Argument – There comes a time when a rational adult needs to set aside emotion and accept Reality.
Counter-Argument – What has Reality ever done for me?
OK, it’s October.
October, in a year that has been circling the flush-line since March and promises to circle even faster around the bowl before we give up on 2020 entirely and hope for something better next year. Summer is gone and we have to brace ourselves for a grim fall and a winter of — I don’t know — discontent?
That’s one way to look at it.
Another is to adopt, as P.G. Wodehouse put it, a campaign of stout denial. You know what I’m talking about — grown men wearing shorts, sandals and Santa hats in December. Women who wear white after Labor Day and meet your gaze with steely determination.
Whichever camp you fall into, you could probably use a drink.
Case No. 1 – “I Grudgingly Accept That Summer Is Over and Will Adopt a Serious, Adult Demeanor”
The cocktail for you:
Black Tie Cocktail
2 oz. dark rum, such as Myers
½ oz. triple sec
¼ oz. orgeat
½ teaspoon blackstrap molasses
½ oz. fresh squeezed lime juice
1 teaspoon simple syrup
Put all ingredients into a cocktail shaker with five or six ice cubes.
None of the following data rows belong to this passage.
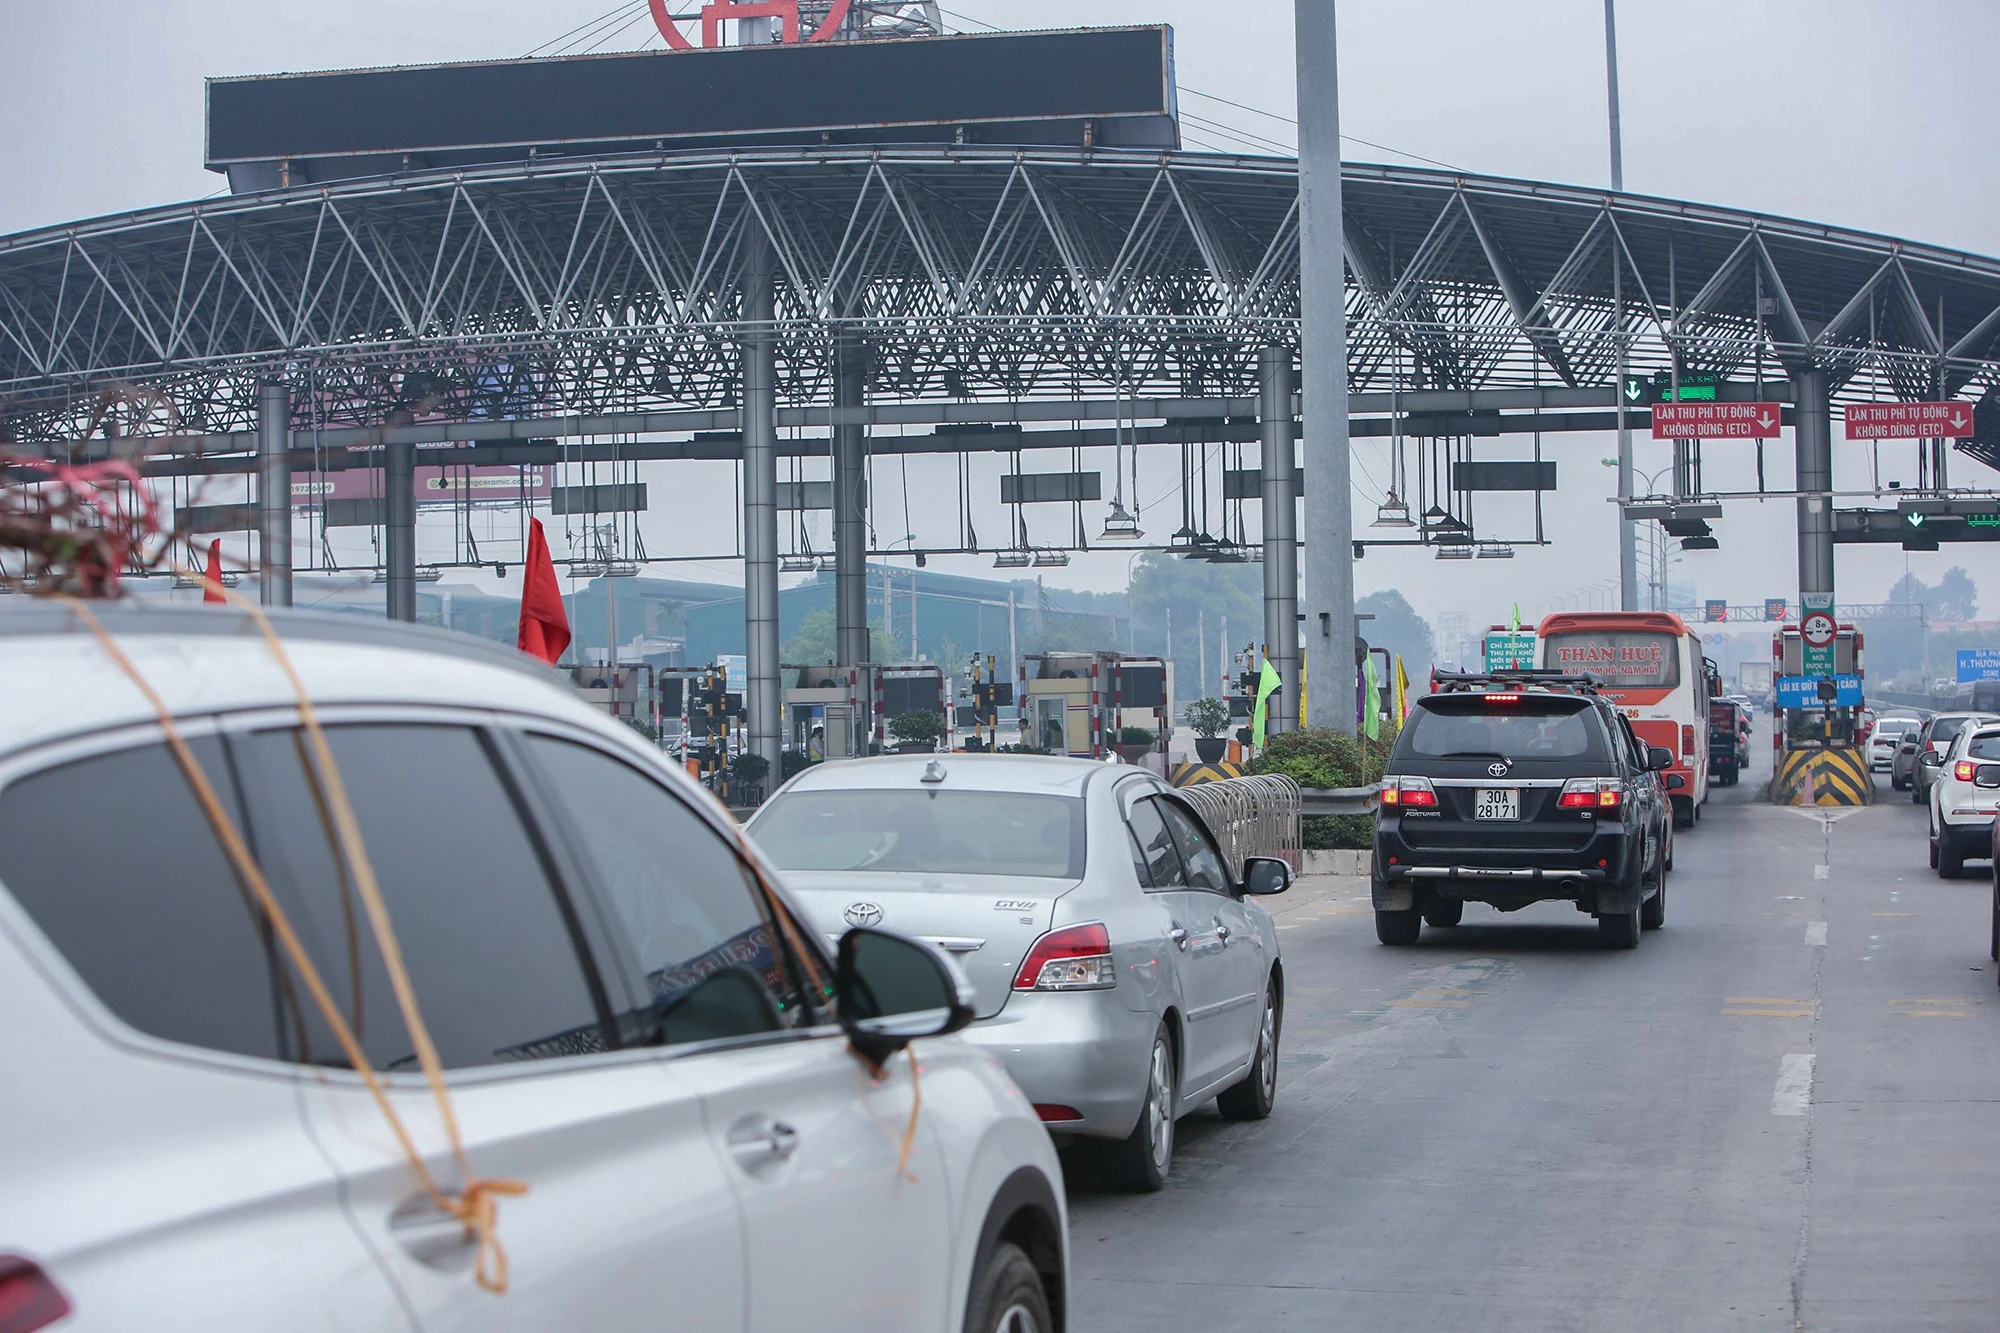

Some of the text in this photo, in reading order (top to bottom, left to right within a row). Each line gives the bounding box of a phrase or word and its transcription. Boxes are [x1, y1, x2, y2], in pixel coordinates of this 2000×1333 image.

[1656, 404, 1757, 420] LÀN THU PHÍ TỰ ĐỘNG
[1849, 404, 1949, 421] LÀN THU PHÍ TỰ ĐỘNG
[1662, 420, 1751, 436] KHÔNG DỪNG (ETC)
[1855, 421, 1944, 437] KHÔNG DỪNG (ETC)
[1791, 682, 1800, 691] XE
[1627, 708, 1639, 719] 26
[1486, 790, 1509, 804] 30A
[1478, 804, 1516, 818] 281.71
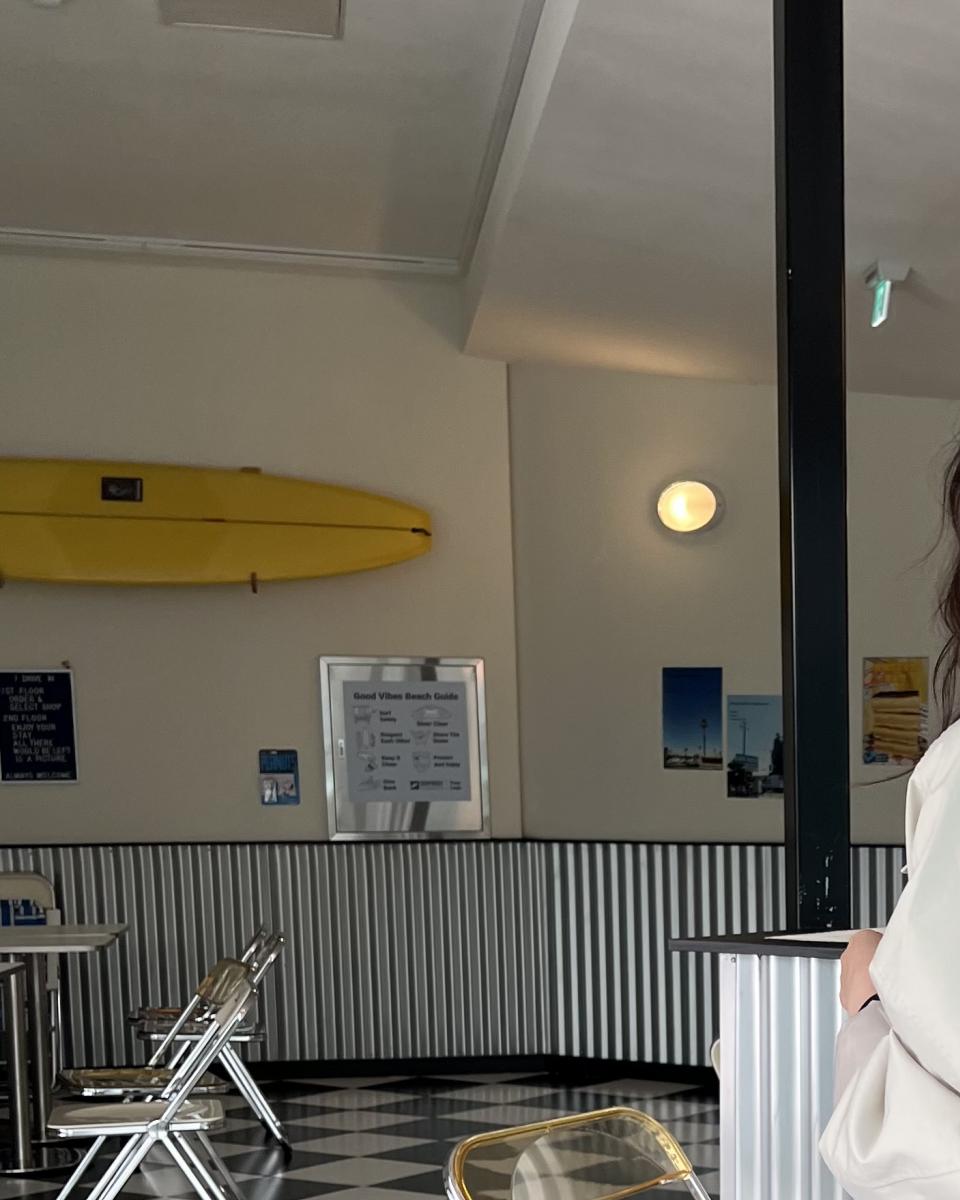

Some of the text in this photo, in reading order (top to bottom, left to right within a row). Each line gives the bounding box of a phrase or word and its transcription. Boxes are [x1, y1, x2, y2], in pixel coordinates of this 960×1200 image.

[18, 687, 44, 695] FLOOR
[353, 692, 459, 700] Good Vibes Beach Guide
[22, 714, 47, 722] FLOOR
Shake until you can feel the ice splintering (see below). Pour without straining into a rocks glass.
The Black Tie is a deceptive cocktail. On its surface it is dignified, sober (in an emotional sense) and entirely appropriate for the season.
On tasting it, though, you will be surprised. It has complex, playful flavors that come in stages — the molasses and lime play off each other unexpectedly well. It is a bit subversive.
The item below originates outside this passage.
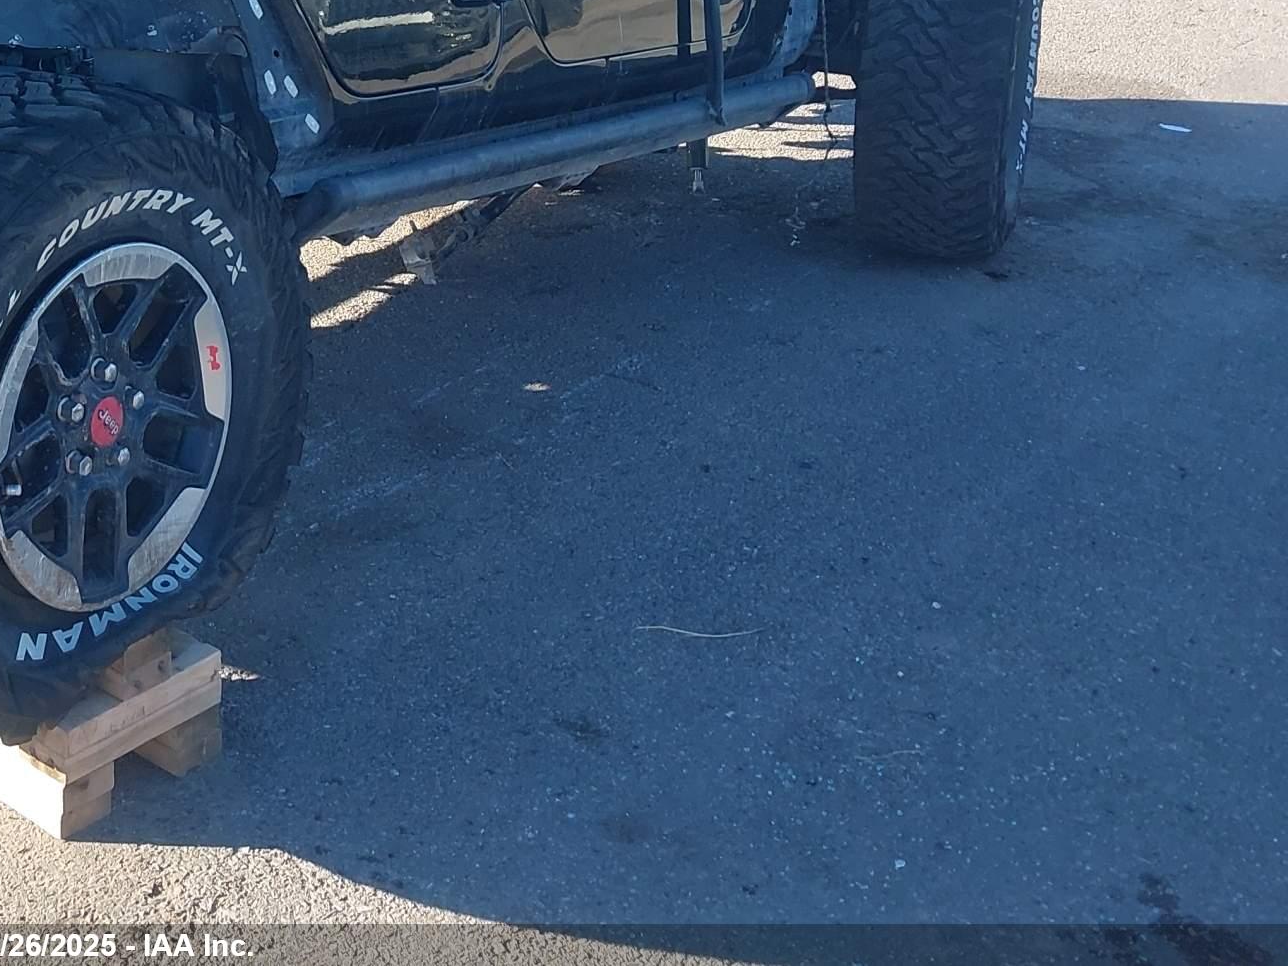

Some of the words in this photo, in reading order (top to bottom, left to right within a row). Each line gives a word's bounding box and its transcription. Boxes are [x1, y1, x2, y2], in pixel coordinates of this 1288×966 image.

Case No. 2 – “Fall Foliage Is Just Another Way of Describing Tiki Trees”
The cocktail for you :
Rum Runner
1½ oz. navy rum like Lamb’s or Pussers, or dark rum like Myers
½ oz. crème de mûre, or blackberry liqueur, or blackberry brandy (the kind you find sometimes in little single-portion bottles in the sale bin at the liquor store)
1 oz. crème de banana
1 oz. fresh squeezed lime juice
2 oz. pineapple juice
½ oz. grenadine (pomegranate syrup)
Again, put everything in a cocktail shaker with five or six ice cubes, then shake brutally, until you feel the ice shatter. Pour into a tall glass. Garnish – Several weeks ago I described the Jungle Bird as too serious a drink to garnish with frou-frou paper umbrellas or fruit. This drink is a defiant rebellion against the changing of the seasons. It calls for a minimum of two cocktail umbrellas, and as much fruit as you want to cram into it.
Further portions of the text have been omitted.